Contoh sebuah sumur atau bahkan sebuah telaga yang elok nan indah yang terkena najis, maka yang tadinya air itu suci dan jernih karena terkena barang najis, maka air itu berubah menjadi kotor dan tidak suci lagi. Dalam hal ini menurut tinjauan qiyas air itu tidak mungkin untuk disucikan kembali, baik dengan cara menguras sebagian airnya saja atau semuanya, karena jika menguras sebagian air saja tidak akan mampu untuk menjadikan suci bagi sebagian air yang lain.
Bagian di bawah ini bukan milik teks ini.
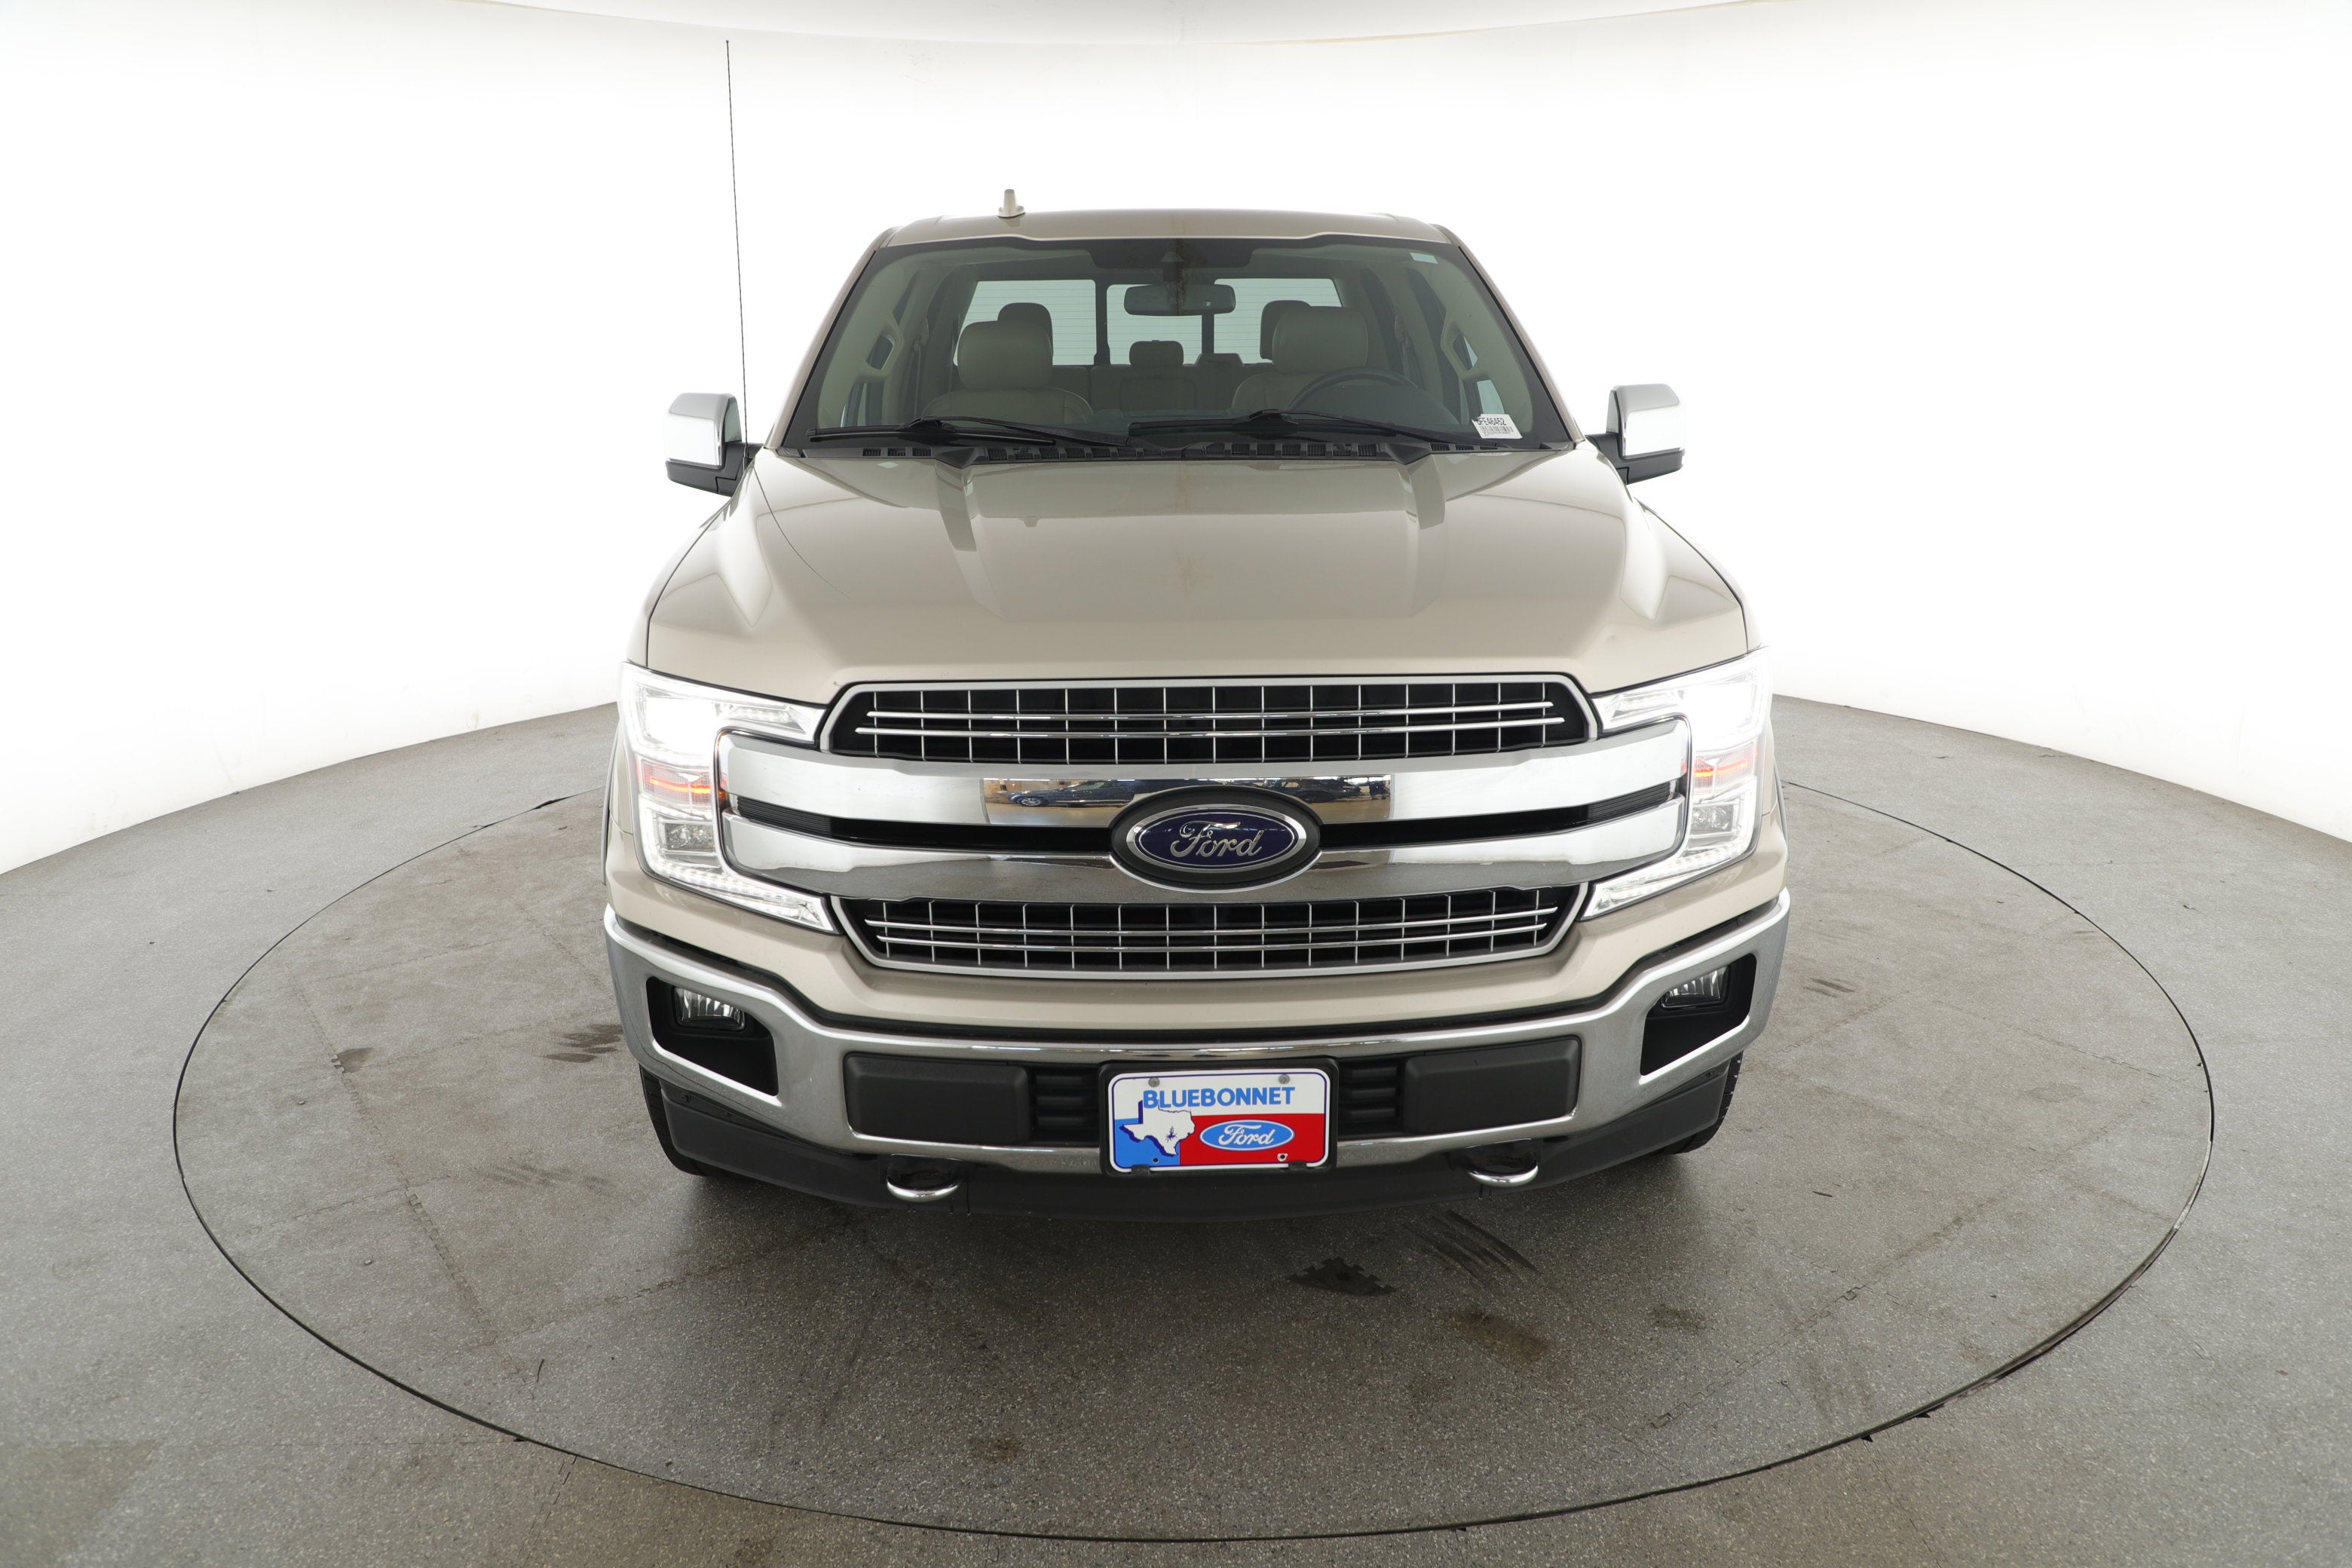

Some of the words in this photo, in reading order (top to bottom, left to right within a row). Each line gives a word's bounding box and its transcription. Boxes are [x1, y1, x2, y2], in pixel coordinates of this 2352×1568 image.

Dan jika menguras keseluruhannya juga tidak akan memberikan pengaruh bagi air yang muncul dari mata air, karena air yang keluar dari mata air ini akan bertemu dengan najis-najis yang masih melekat pada dasar dan dinding sumur serta timba yang digunakan untuk mengambli air akan terkena najis juga jika bersentuhan dengan air yang ada di dalam sumur tersebut. Akan tetapi secara istihsan menganggap bahwa dengan cara menguras air yang ada di dalam sumur airnya bisa menjadi suci kembali dengan pertimbangan karena adanya dlarurat.
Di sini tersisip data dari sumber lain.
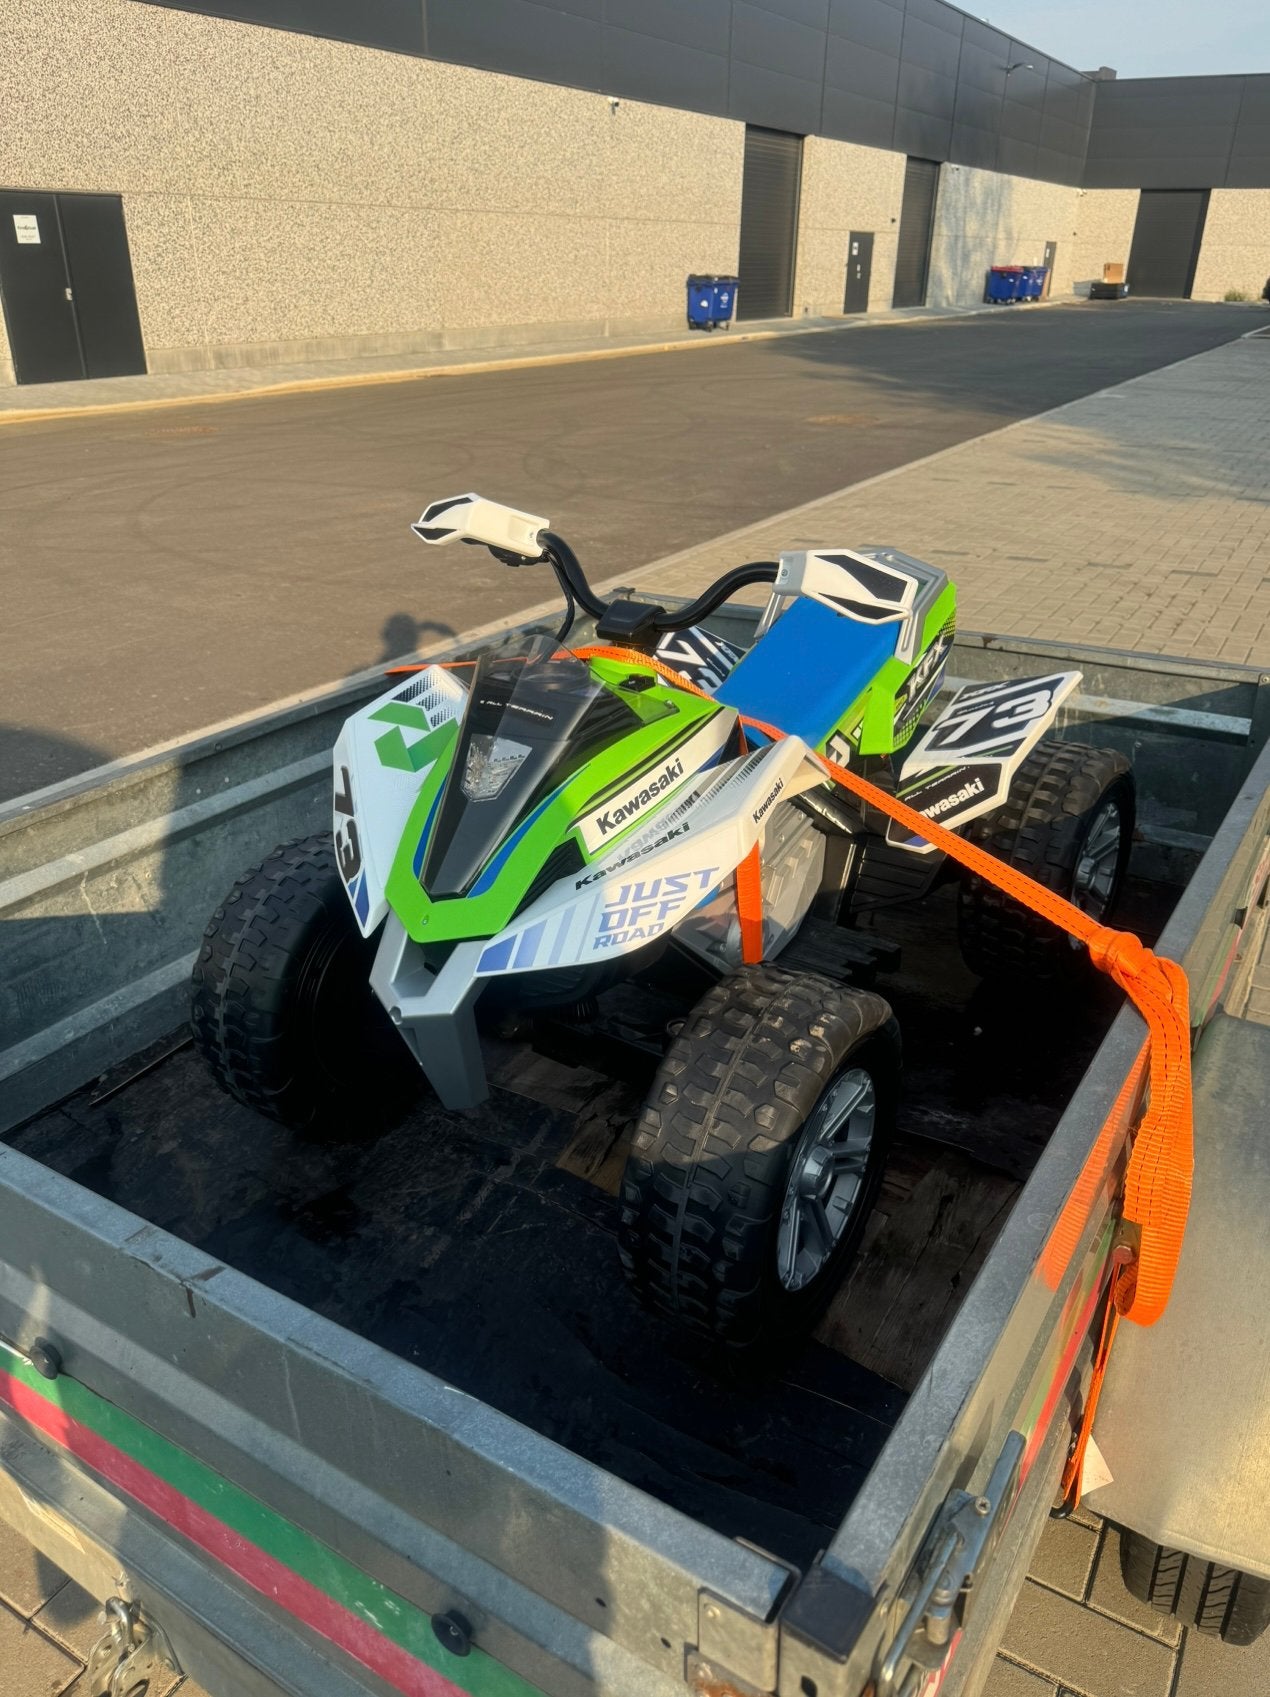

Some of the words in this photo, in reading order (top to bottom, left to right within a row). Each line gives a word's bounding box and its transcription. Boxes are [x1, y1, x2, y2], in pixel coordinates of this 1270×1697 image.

[935, 690, 1052, 747] 73
[596, 758, 685, 835] Kawasaki
[752, 777, 785, 824] Kawasaki
[920, 777, 985, 819] wasaki
[575, 821, 691, 891] Kawasaki
[604, 866, 720, 908] JUST
[592, 922, 664, 951] ROAD
[598, 895, 687, 934] OFF
5. Istihsan bil-Qiyas al-Khafi
Contoh wakaf tanah pertanian yang mana hal tersebut mempunyai dua qiyas yaitu qiyas jali(jelas) dalam artian bahwasanya wakaf itu disamakan dengan jual-beli di dalam berpindahnya hak milik dari pemilik barang kepada orang lain. Karena wakaf disamakan dengan jual-beli, maka hak untuk memakai air, saluran air, dan hak untuk menggunakan jalan yang ada di situ tidak masuk dalam wakaf, kecuali ada penjelasan dari wakif(orang yang wakaf). Kedua adalah qiyas khafi(samar) yaitu wakaf disamakan dengan ijarah, yang berarti hanya mengambil manfaatnya saja dari barang yang disewakan/diwakafkan. Dengan demikian bagi orang yang menerima barang wakafan berhak untuk menggunakan air yang ada, saluran airnya, dan juga jalan yang ada di situ walaupun wakif tidak menjelaskannya. Berarti dalam kasus di atas mujtahid mengunggulkan qiyas yang kedua(khafi) atas qiyas yang pertama(jali), karena tujuan dari wakaf adalah hanya mengambil manfaat yang ada disitu dan tidak mungkin bisa mengambil manfaatnya kecuali dengan memasukkan hak-hak yang telah disebutkan di atas.
6. Istihsan bil maslahah
Contohnya dalam hal sewa-menyewa, bagi seorang penyewa jika merusakkan barang yang disewanya wajib untuk menggantinya. Kalau ia tidak mampu untuk menghindari atas kerusakannya dan ia juga tidak sembrono, maka menurut kaidah hukum asal ia tidak wajib untuk mengganti barang yang rusak tersebut, akan tetapi dalam istihsan ia harus menggantinya dengan alasan untuk berbuat kebaikan dan kemaslahatan manusia dengan cara menjaga harta-harta mereka .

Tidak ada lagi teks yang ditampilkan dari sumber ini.